Il s’agit là d’un virage à 180 degrés car, il y a une dizaine d’années, c’est le Parti conservateur qui apparaissait comme le seul ferme défenseur de l’Europe, les travaillistes étant dangereusement partagés sur la question. C’est d’ailleurs ce qui provoqua, en leur sein, la scission de la « bande des Quatre » (2) d’où allait naître, en janvier 1981, le Parti social-démocrate devenu, après la fusion avec les libéraux en septembre 1988, le Parti des démocrates, plus connu sous l’intitulé de libéral-démocrate qui est celui de son groupe parlementaire.
Aujourd’hui, le chef du Parti travailliste, M. Neil Kinnock, est revenu sur sa méfiance à l’égard de la Communauté, alors que ses collègues les plus anti-européens, y compris M. Anthony Benn et M. Michael Foot, ont vu leur influence diminuer. M. Jacques Delors est maintenant considéré comme un véritable allié, surtout en raison de son engagement envers la charte communautaire des droits sociaux fondamentaux, adoptée lors du conseil européen de Strasbourg en décembre 1989. Une charte sociale dans laquelle nombre de conservateurs voient un sinistre complot pour« introduire le socialisme par une porte dérobée ».
Dans son ensemble, l’opinion britannique a perdu de ses préventions à l’égard de l’Europe. Les poussées de colère ou de méfiance contre les Allemands « racistes » ou les Français « sur lesquels on ne peut pas compter » se font plus rares, et on discute désormais plus sereinement de la construction communautaire en termes d’avantages pratiques. A l’origine de ce renversement de tendance, l’arrivée aux responsabilités d’une génération qui n’a pas gardé de souvenirs personnels de la seconde guerre mondiale et qui ne perçoit plus les Allemands à travers les films portant sur cette période. Au contraire de M. Michael Foot qui, après Hitler, disait ne plus pouvoir faire confiance aux Allemands, ou de Mme Thatcher qui, encore enfant pendant le conflit, avait appris de son père à se méfier de tous les Européens.

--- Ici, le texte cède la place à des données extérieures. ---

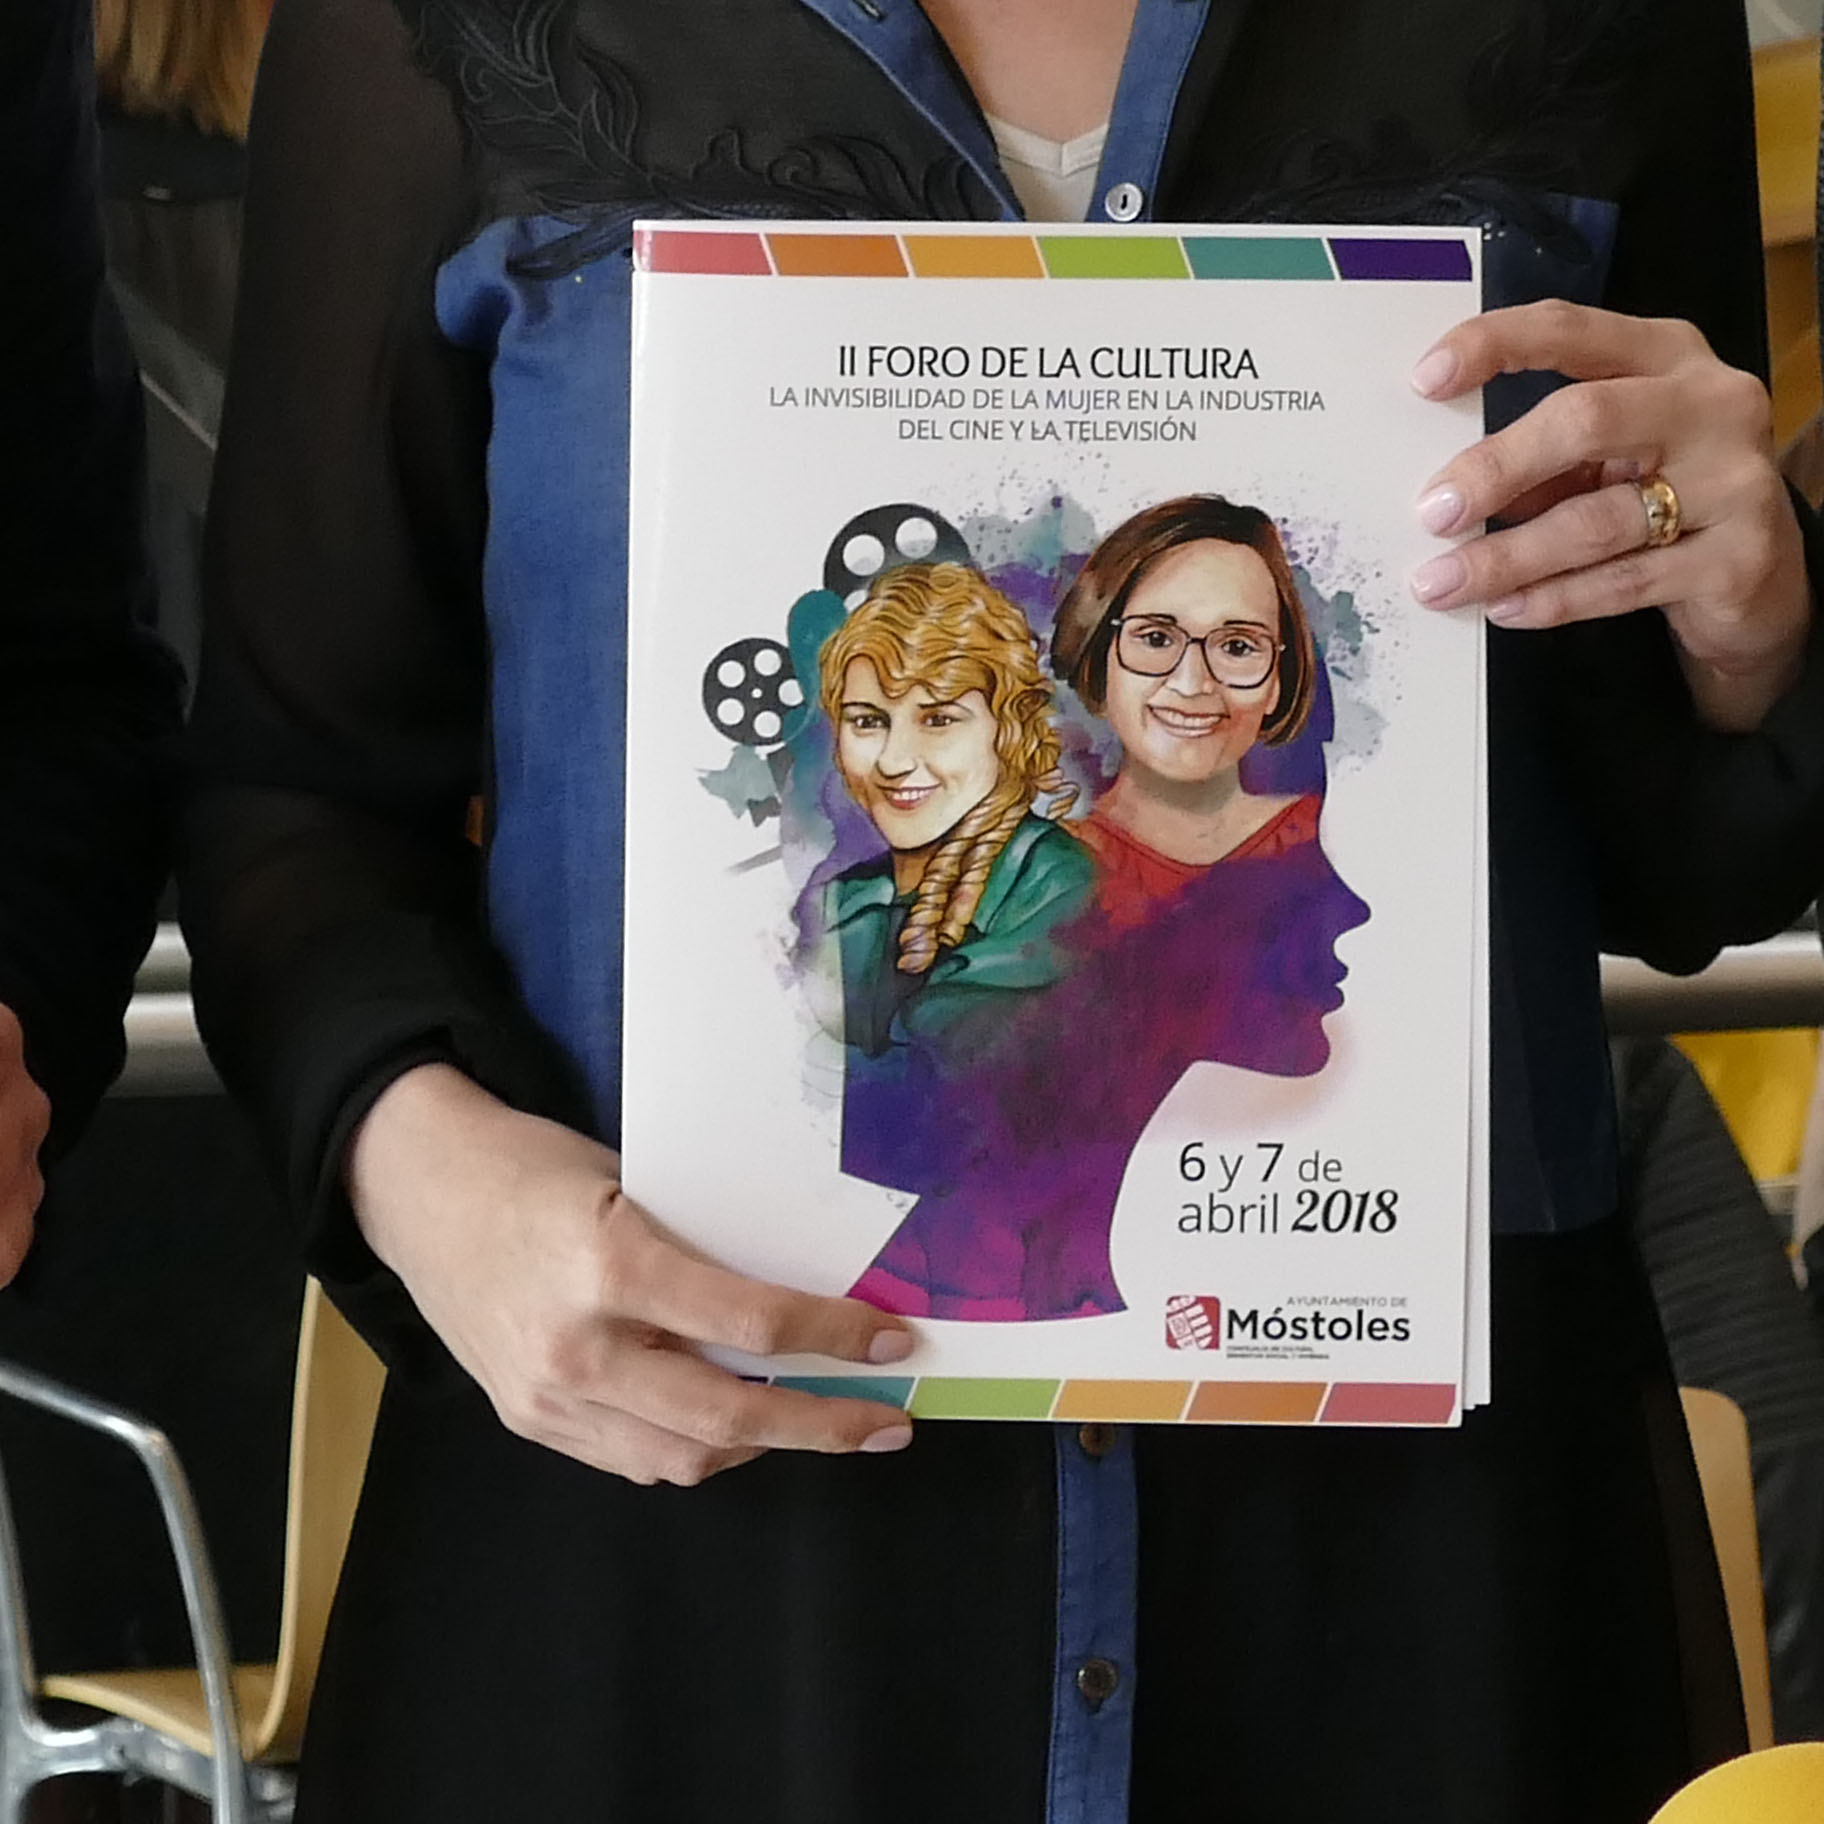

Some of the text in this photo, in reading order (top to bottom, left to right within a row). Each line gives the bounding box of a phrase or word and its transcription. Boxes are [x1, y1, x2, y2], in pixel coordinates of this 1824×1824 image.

[839, 345, 1259, 379] II FORO DE LA CULTURA
[770, 386, 1325, 414] LA INVISIBILIDAD DE LA MUJER EN LA INDUSTRIA
[899, 416, 1197, 441] DEL CINE Y LA TELEVISIÓN
[1180, 1142, 1342, 1193] 6 y 7 de
[1178, 1189, 1399, 1234] abril 2018
[1286, 1295, 1407, 1307] AYUNTAMIENTO DE
[1227, 1307, 1410, 1341] Móstoles

Le rêve américain devenu cauchemar
Dans leur majorité, ceux qui détiennent les principales responsabilités dans la politique et l’administration se sont formés au moment où la Communauté européenne prenait forme et dépassait la Grande-Bretagne en croissance et en prospérité. Quant aux hommes d’affaires, leurs intérêts sont de plus en plus imbriqués avec ceux de leurs partenaires continentaux. Mais le facteur le plus déterminant a été le déplacement des priorités des Etats-Unis vers l’Europe. Pendant les trente années qui suivirent la victoire sur l’Allemagne et le Japon, les Américains furent considérés par la plupart des Britanniques non seulement comme des alliés indispensables mais comme des modèles à suivre. Winston Churchill, redevenu premier ministre en 1951, voyait la Grande-Bretagne située à l’intersection de trois cercles se recouvrant en partie — l’Europe, le Commonwealth et l’Amérique, — mais il ne fait aucun doute qu’à ses yeux le plus important était sans conteste l’Amérique.

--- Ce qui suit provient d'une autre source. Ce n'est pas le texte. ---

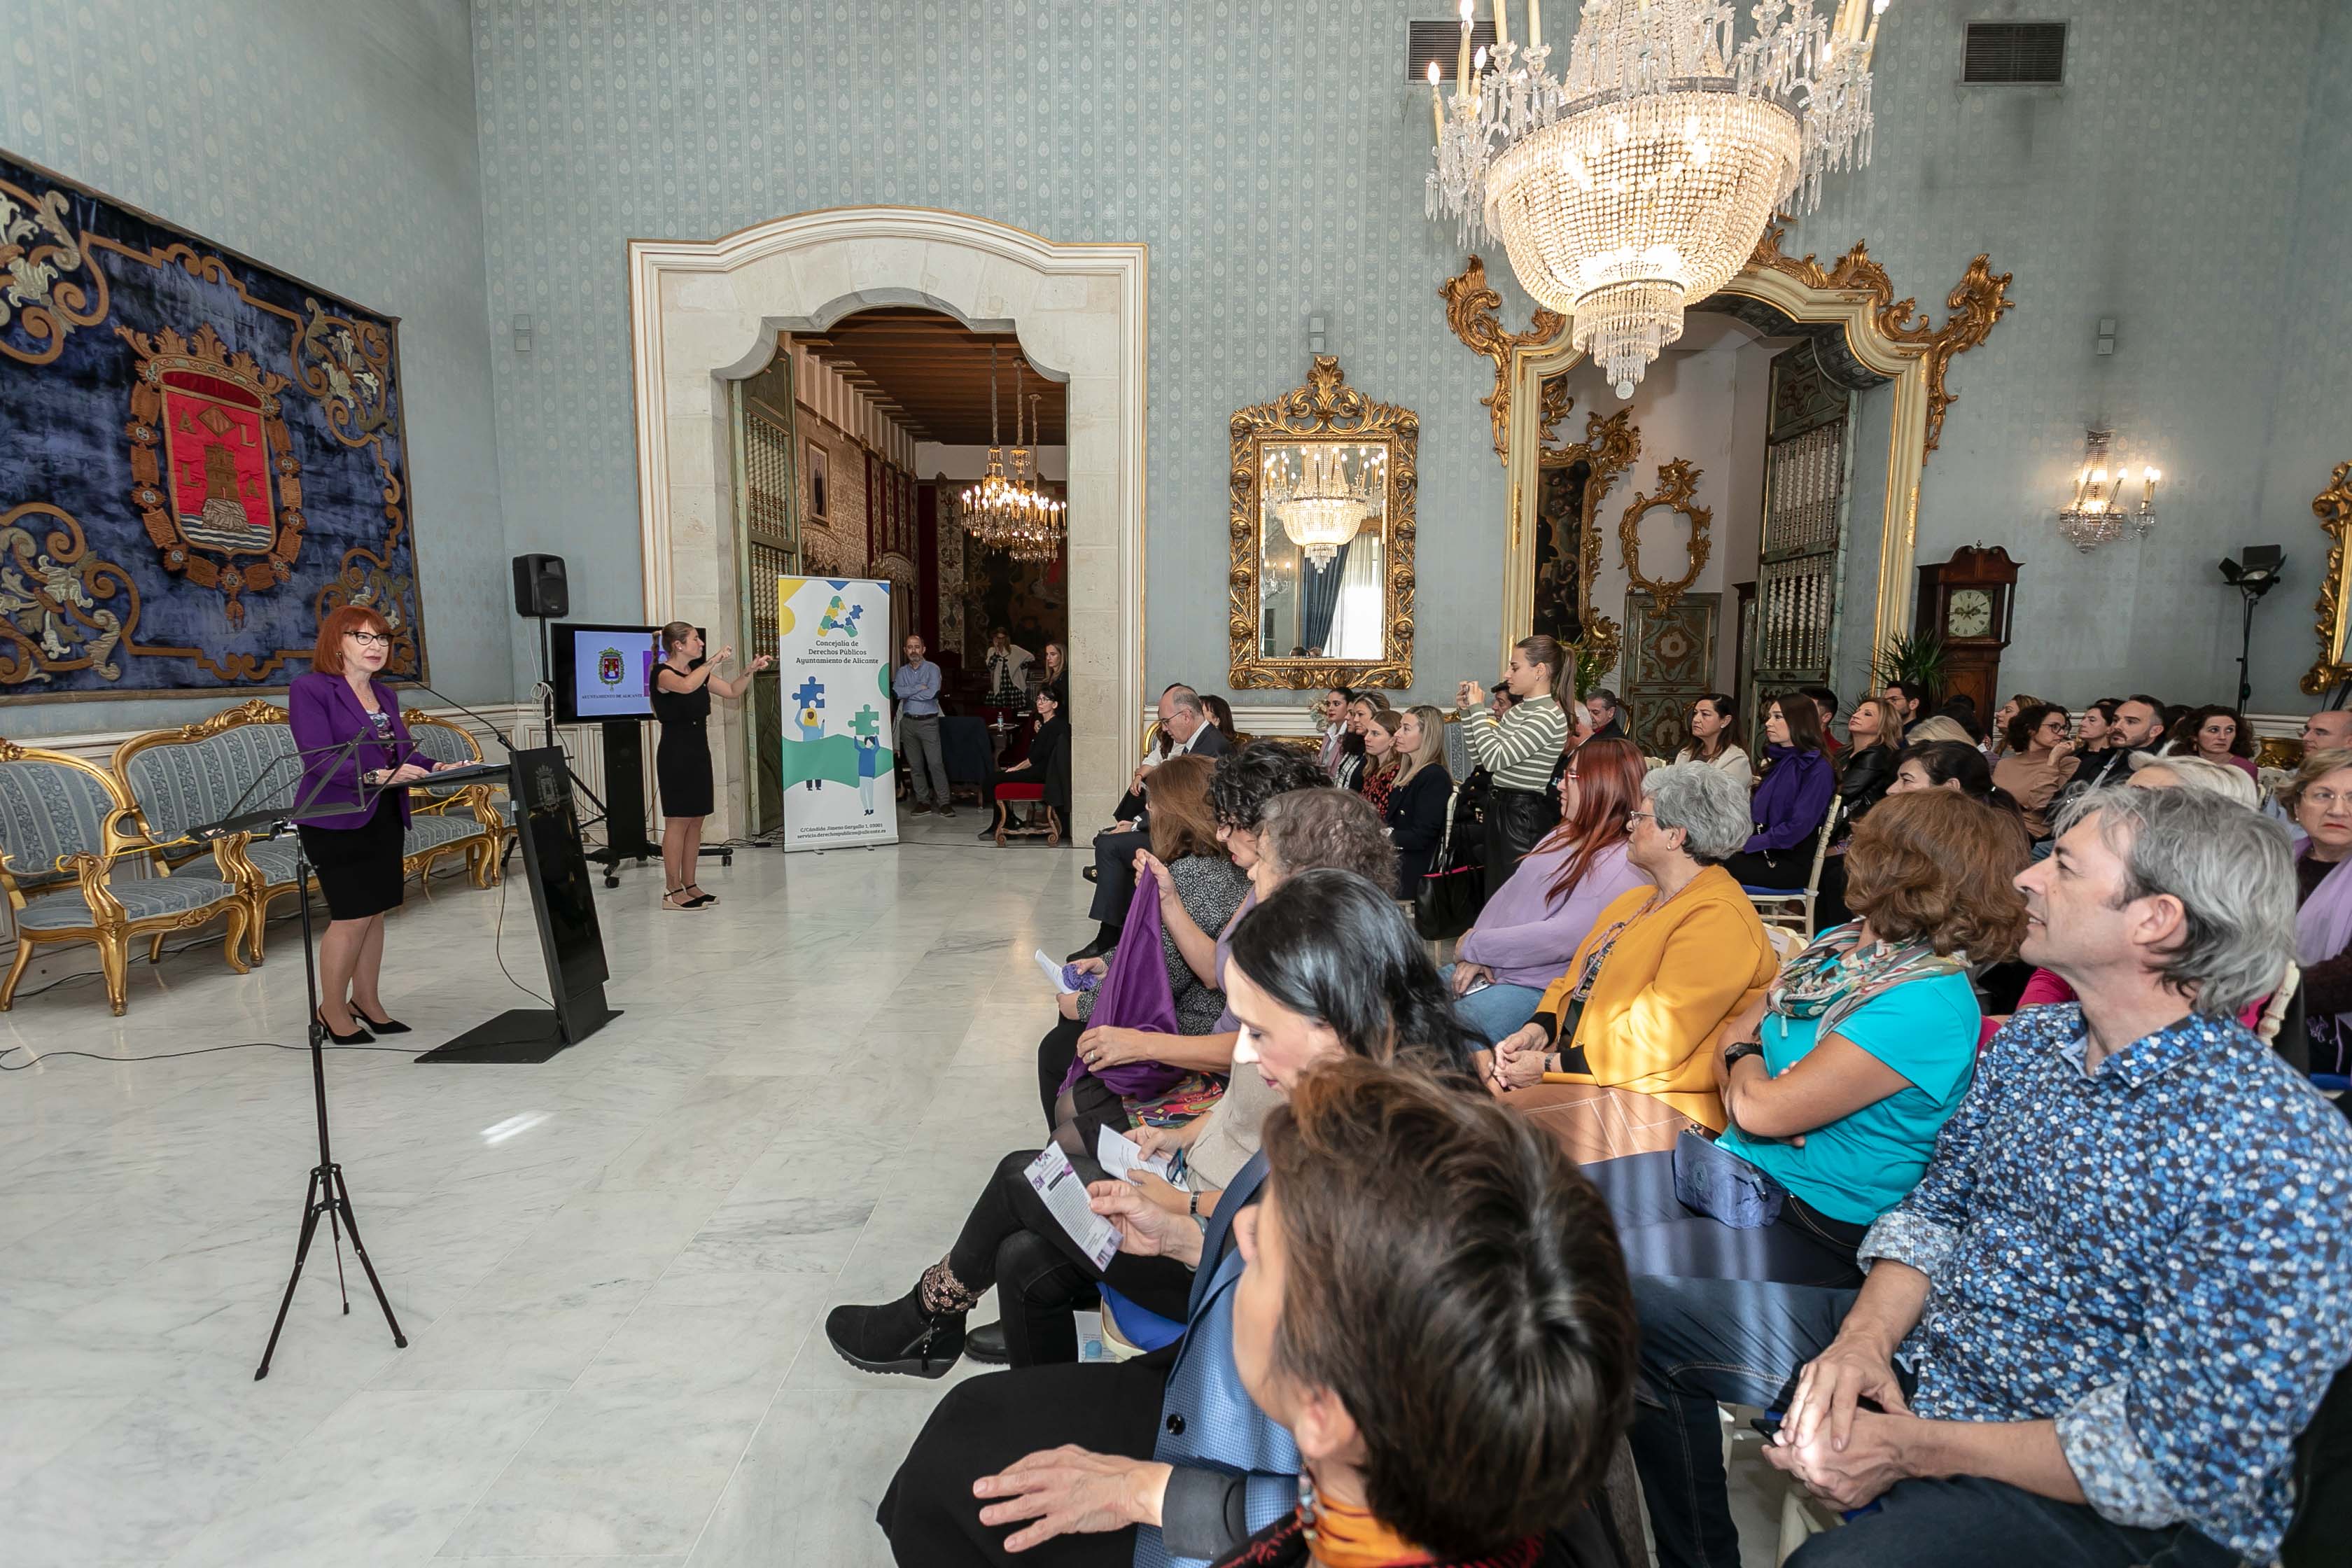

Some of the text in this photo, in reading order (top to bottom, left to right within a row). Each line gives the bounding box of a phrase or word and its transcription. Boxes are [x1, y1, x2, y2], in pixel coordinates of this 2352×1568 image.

[178, 407, 257, 448] A L
[181, 462, 261, 499] L A

Pendant ces trois décennies, les nouvelles générations de Britanniques, à l’exception de l’extrême gauche, crurent trouver aux Etats-Unis les recettes de leur avenir, en termes de prospérité, d’harmonie sociale et d’intégration. Pour la droite, l’Amérique était la terre de la libre entreprise ; pour le centre gauche, en particulier pour des dirigeants travaillistes influents, comme Anthony Crosland (mort en 1977) ou M. Roy Jenkins, la croissance américaine indiquait la voie à emprunter pour financer les dépenses sociales sans redistribution radicale des revenus, et la « grande société » de Lyndon Johnson ou les techniques de l’« ingénierie sociale » constituaient autant de moyens pour venir à bout des blocages sociaux et raciaux.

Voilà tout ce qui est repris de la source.